In my last post I spoke about luck; how we can make our own luck, good and bad. I think I need to take that back. It IS luck; a genetic roulette that allowed me to be born in the UK rather than Gaza, that allows my kids to grow up in comfort and shelter rather than squalid refugee camps.
Next time I open my mouth to complain about some small misfortune that has befallen me, I will stop to think and close my safe, healthy, free mouth before remembering how bloody lucky I am.
Some people say they are lucky. You know they type; they always win prizes in raffles, parking spaces magically appear for them and life always seem to turn out with a cherry on the top.
I do believe in luck. I think. Or, perhaps, coincidence. I’m not a mathematician and probability eludes me, but there are some things in life that happen for no good reason whatsoever. We call it luck. Sometimes good; sometimes bad.
“The harder I practice; the luckier I get”
I think there are times when you can make your own luck. And that’s what I am trying to do at the moment.
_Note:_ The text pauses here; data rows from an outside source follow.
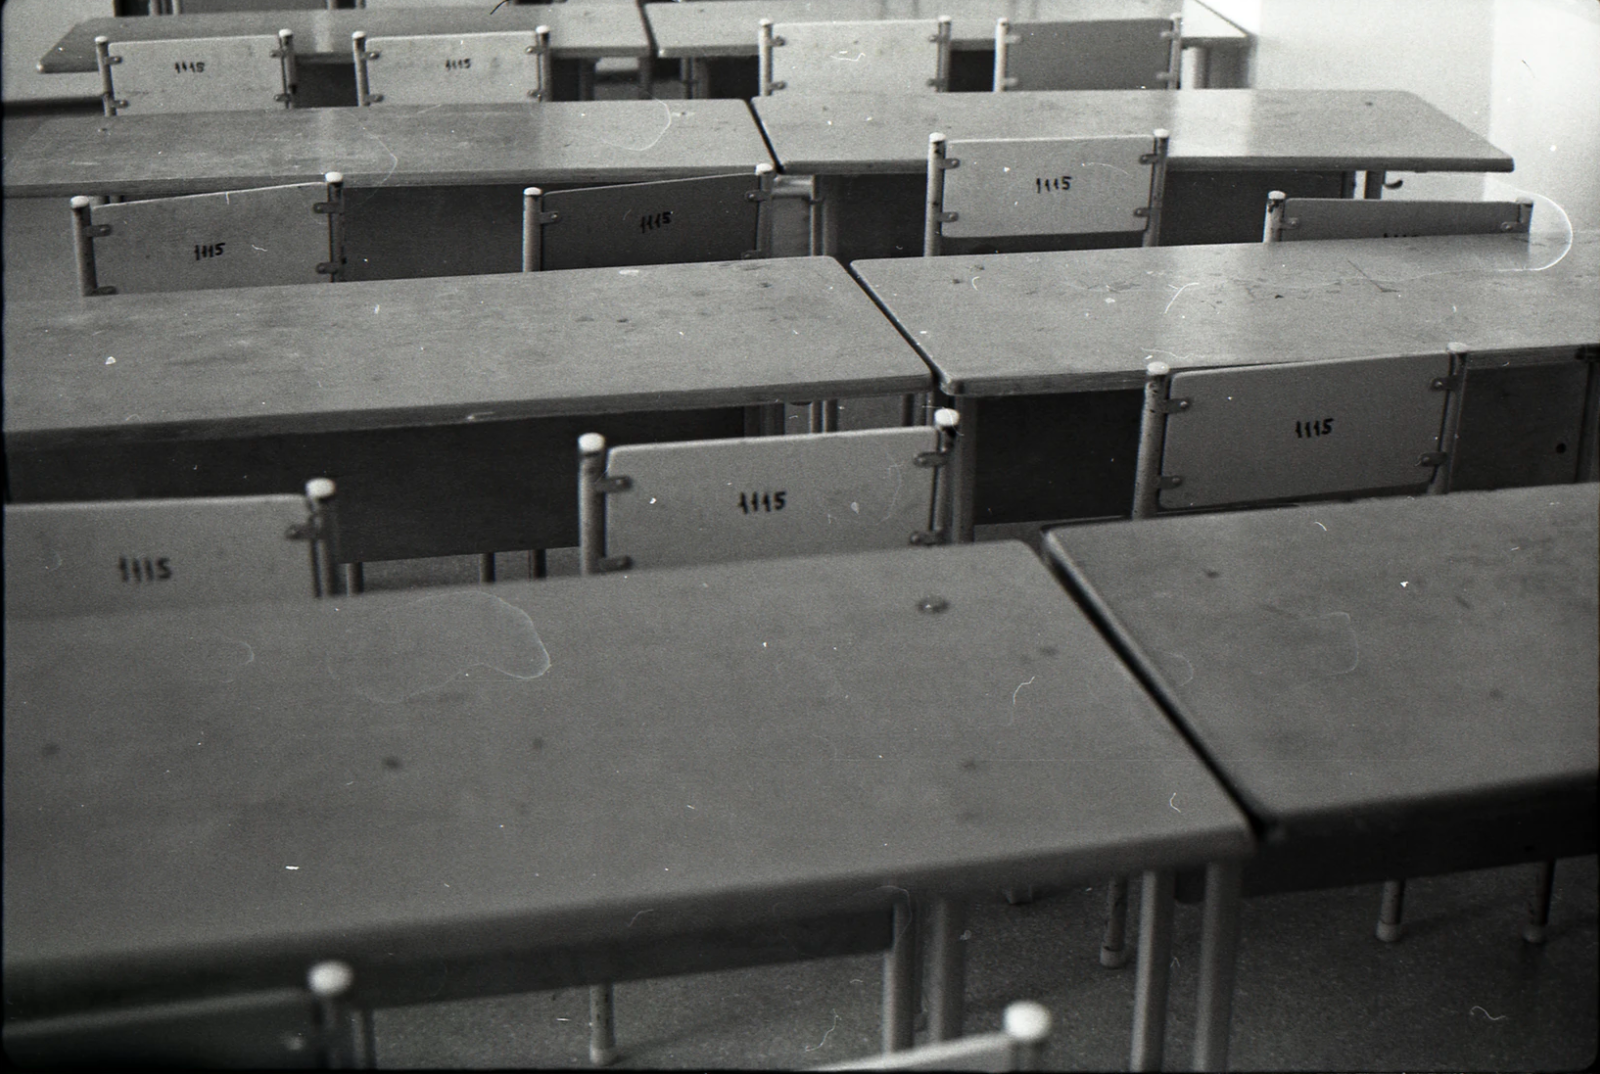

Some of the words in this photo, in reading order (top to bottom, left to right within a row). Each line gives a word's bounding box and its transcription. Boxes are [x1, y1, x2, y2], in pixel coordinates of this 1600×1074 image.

[1036, 176, 1072, 194] 1115
[640, 211, 671, 233] 1115
[194, 242, 226, 261] 1115
[1295, 417, 1334, 438] 1115
[738, 490, 786, 514] 1115
[118, 557, 172, 583] 1115
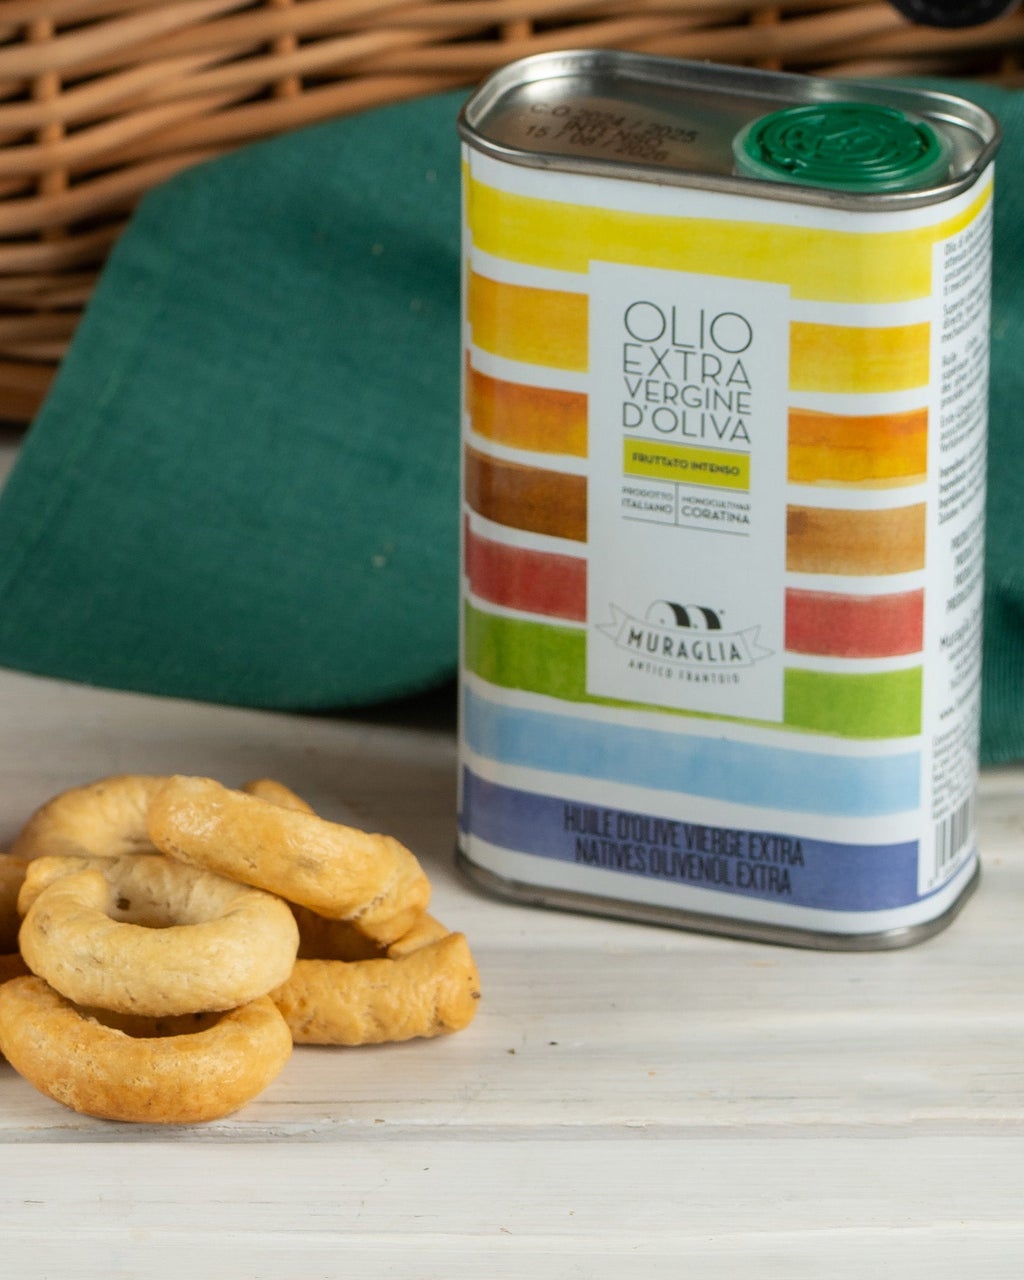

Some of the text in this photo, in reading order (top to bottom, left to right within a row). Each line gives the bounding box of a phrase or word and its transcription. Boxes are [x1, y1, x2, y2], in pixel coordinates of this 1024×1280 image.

[624, 300, 753, 354] OLIO
[623, 342, 752, 390] EXTRA
[624, 376, 752, 415] VERGINE
[622, 402, 751, 444] D'OLIVA
[632, 451, 740, 476] FRUTTATO INTENSO
[622, 486, 674, 501] PRODOTTO
[622, 497, 673, 515] ITALIANO
[681, 505, 751, 524] CORATINA
[627, 626, 743, 662] MURAGLIA
[628, 659, 674, 680] ANTICO
[563, 803, 613, 839] HUILE
[683, 822, 744, 859] VIERGE
[748, 832, 805, 868] EXTRA
[574, 837, 647, 873] NATIVES
[736, 859, 793, 895] EXTRA
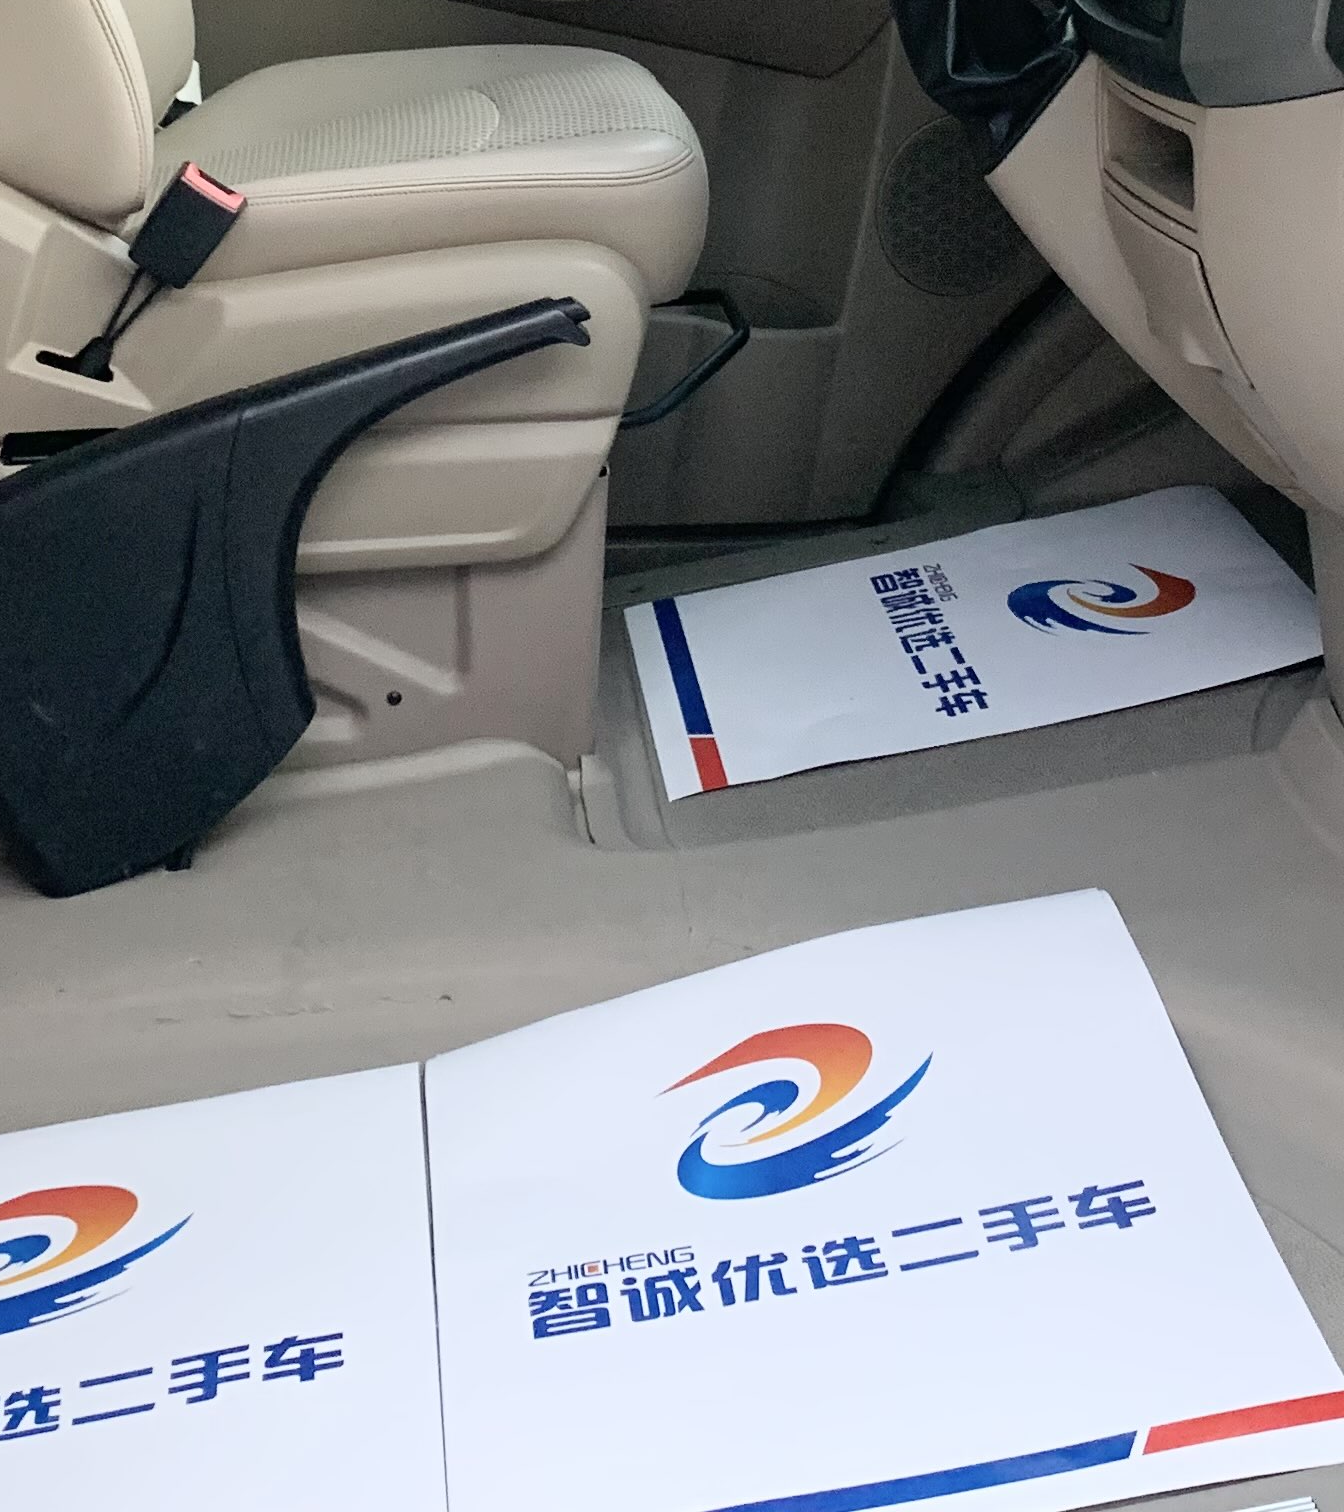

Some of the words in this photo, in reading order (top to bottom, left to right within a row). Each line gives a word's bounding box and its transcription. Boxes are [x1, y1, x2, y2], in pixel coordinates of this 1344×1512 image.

Create opportunities for myself that prompt exclamations from observers of ‘Lucky you!’. I smile and nod, but I am making it happen; it isn’t luck, it is sheer determination.
For example, I write this sitting on the train from King’s Cross to Edinburgh. I am going to the festivals for the weekend with the intention of, naturally, seeing a few shows but moreover to promote and distribute poetry. I assume you are aware that I co-run a website called ‘Paper Swans’ and we ran a micropoetry competition on Twitter, the winners of which have had their poems printed on pocket cards (currently residing in my suitcase) to be given out and discussed at the Edinburgh Book Festival. When I said to a friend that I was going to Edinburgh, his response was (naturally) ‘Lucky you.’ Don’t worry – I didn’t labour the point, but it made me think and about all the time and effort (and money) I have put into making this happen. It will be a success – I know it will, because I will fulfil what I am setting out to do. Luck will be if I happen to meet a poetry agent or small publisher who takes an interest in what we are doing. Luck is if I get through the weekend without it raining or if I bump into Hugh Jackman at a bar. But getting to Edinburgh, having these beautiful poetry to cards to give out – I made that happen (with my cohort, Stephanie, of course!).
It’s funny how pensive you get on a train, isn’t it? Hours of time to kill, the outside rushing by. In a few hours I will be swept away with the hubbub of ‘arty types’ and, as I’m travelling alone, I’ll be feeling as alive as hell.
And if you’re wishing you could do something exciting too? Well, good luck to you.